Thursday, May 19, 2005

Star Wars/Lucas/Crapola: I won't win many friends for this one, but I really ceased to give a shit about the bloated Star Wars franchise quite a few years ago. The first three were a part of my childhood/adolescence, so obviously I went to see Phantom Menace -- well after it came out, though. I also read through a lot of disappointed fan mewling, and I realized this: Lucas's work has always been juvenile, wooden, preachy, unsophisticated drivel. That's cool when you're a kid. As an adult, I really don't care for it any more. Was Jar-Jar Binks annoying? Sure. So were the Ewoks, Chewbacca, and various other Lucas creations.

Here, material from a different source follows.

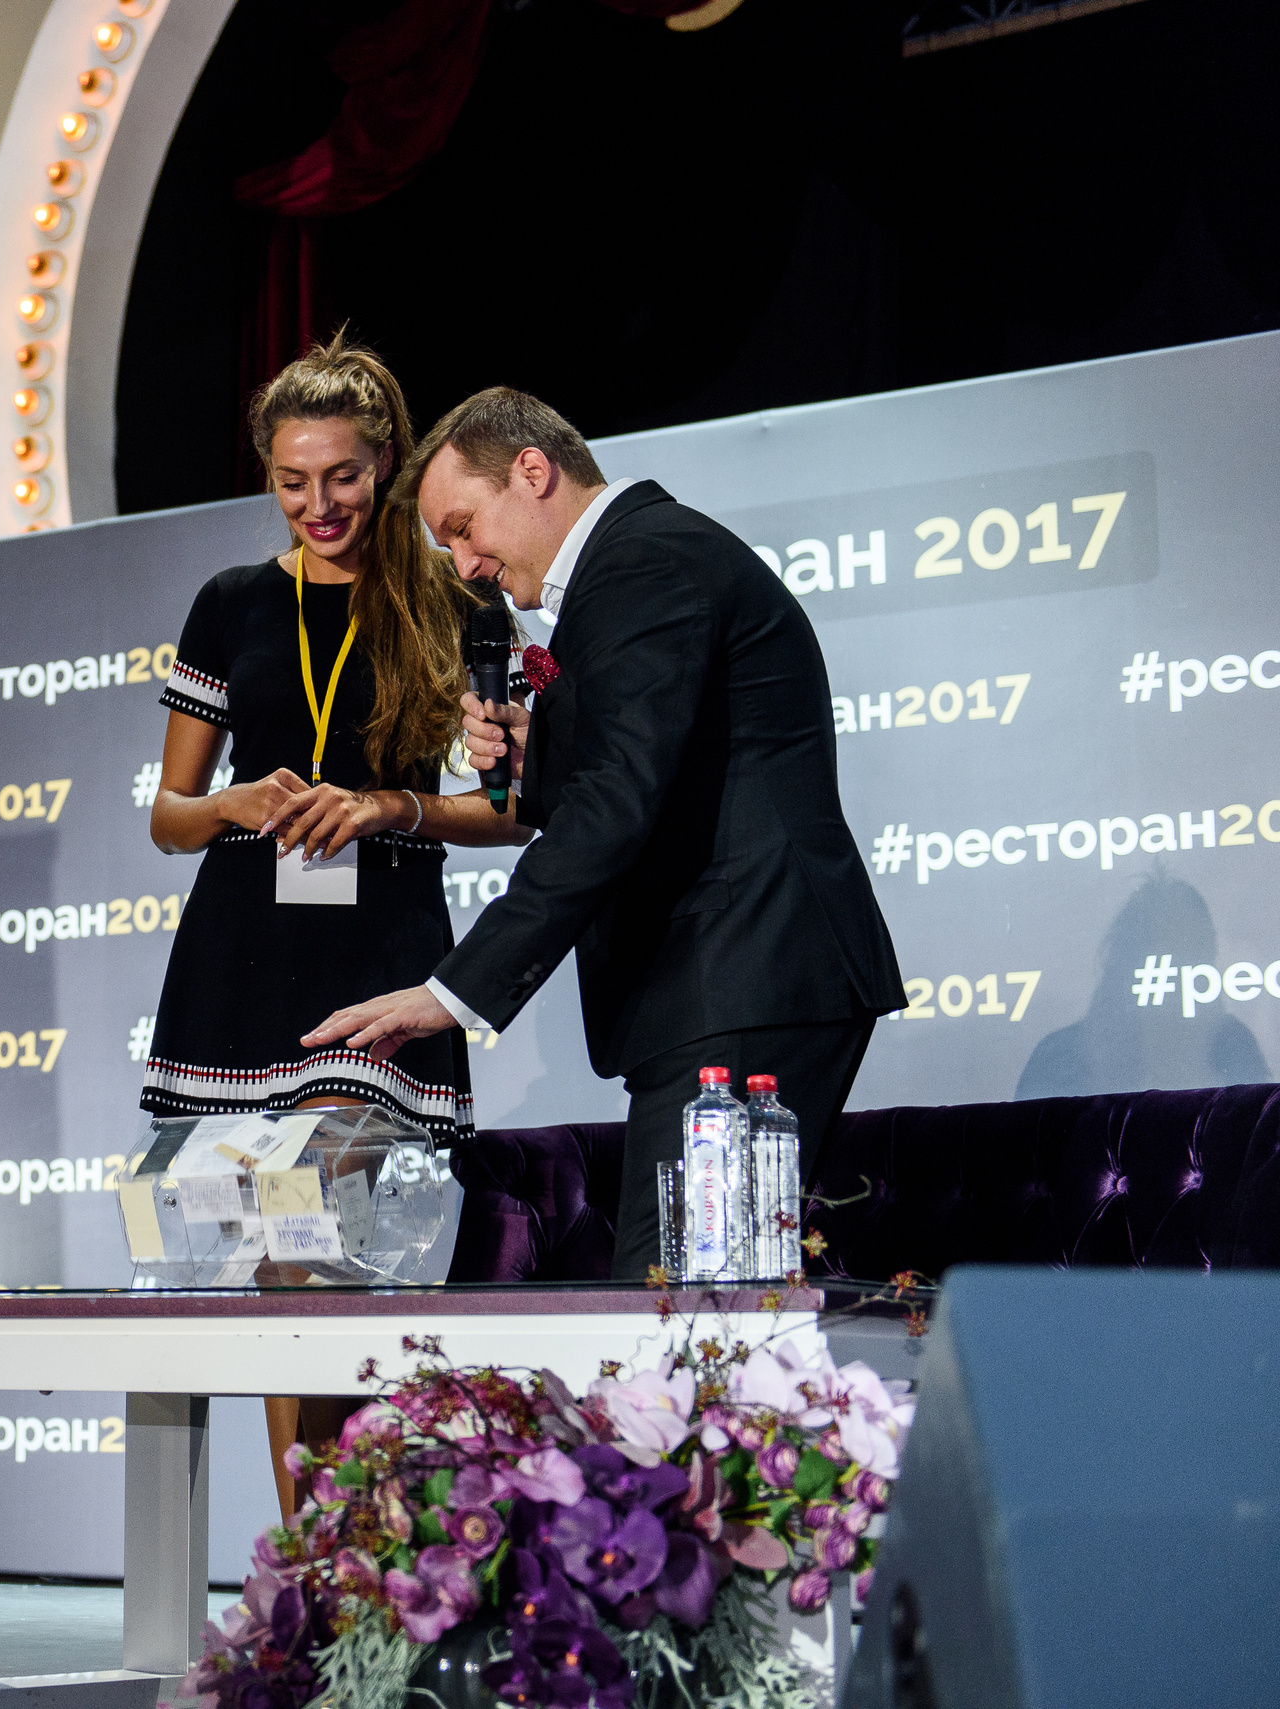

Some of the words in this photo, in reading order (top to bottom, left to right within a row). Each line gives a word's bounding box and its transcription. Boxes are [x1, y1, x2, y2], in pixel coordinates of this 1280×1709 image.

[914, 491, 1127, 579] 2017
[888, 970, 1042, 1022] 2017
[704, 1159, 714, 1231] KORSTON

No, I'm not trying to say that everyone who wants to see this movie needs to grow up. But they do need to face the diagnosis of acute nostalgia, and quit hoping that Lucas was just slumping for a while. The movies have always been crap aimed to wow kids and sell toys, poseur exegesis of Lucas's pseudo-profound space-Zen, recycled Kurasawa-isms, and derivative mythopoetics notwithstanding. Know why Phantom Menace sucked? Cause you're grown up now. Don't believe me? Take a ten year old to see it. Think Clones was boring? So was most of the talky dreck in Empire.

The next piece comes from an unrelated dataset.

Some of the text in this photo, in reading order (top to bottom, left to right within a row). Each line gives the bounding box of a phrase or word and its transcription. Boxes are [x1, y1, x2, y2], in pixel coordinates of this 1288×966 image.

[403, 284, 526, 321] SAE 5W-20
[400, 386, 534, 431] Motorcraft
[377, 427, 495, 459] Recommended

Point is, it's never going to mean as much/be as cool as it all seemed that summer in 1977. Remember? You heard it from another kid, maybe a couple years older than you: there's this movie about a guy with a kooky glowing sword; he has a spaceship, fights bad guys. But it's gone. And, honestly, who cares? That's life. It goes by, don't it? Now shut the f*ck up about it. It's not all about you, so quit bitching about how Lucas "sold out" or some such, because you're spoiling things for the intended audience, which, to be blunt, is not 40-year-old guys with a wife and a mortgage.